The priesthood of the Arval Brothers carried out a sacrifice when these ludi circenses were held in conjunction with various celebrations of Imperial cult. Until the reign of Nero, the Arval sacrifices were made on the Capitolium, where the procession traditionally began. In the early Empire, however, the Arvals made their sacrifices at the new Temple of the Divine Augustus on the occasion of ludi Martiales, ludi Augustales, and Augustus's birthday. At these times, the procession began there. The topography covered by the parade route might vary according to the desired symbolism for the occasion.

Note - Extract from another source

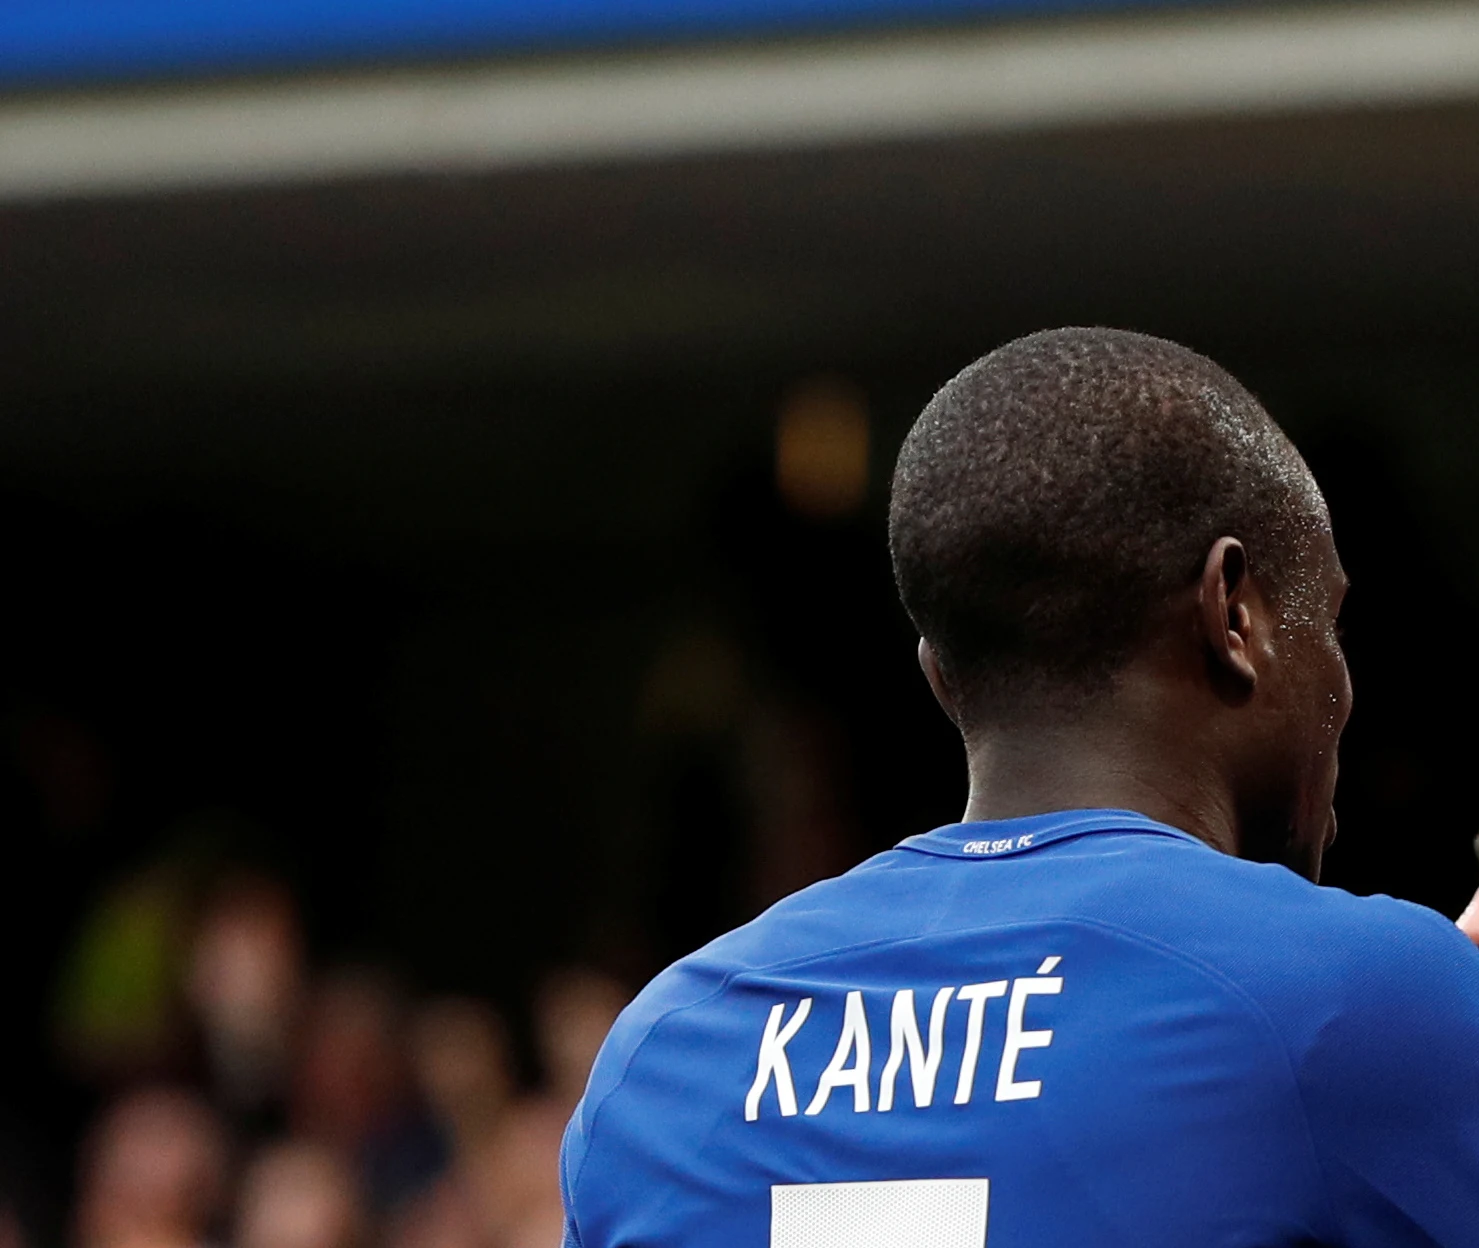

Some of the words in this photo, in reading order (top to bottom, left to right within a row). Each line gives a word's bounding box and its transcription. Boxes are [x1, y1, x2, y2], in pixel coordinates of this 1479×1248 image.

A more traditional parade route was restored under the Flavian dynasty. The Capitolium was again the focus, and the temples most explicitly connected to the Julio-Claudians were less central, though the images of the imperial family continued to be displayed. The route was expanded to pass along the Campus Martius in the time of Domitian, who had built a grand temple to the divinized Vespasian and Titus there. During the 2nd century, the route of the pompa circensis had probably become more similar to that of the triumph. The pompa circensis thus developed as a highly visible medium for expressing the new political and religious order of the Empire.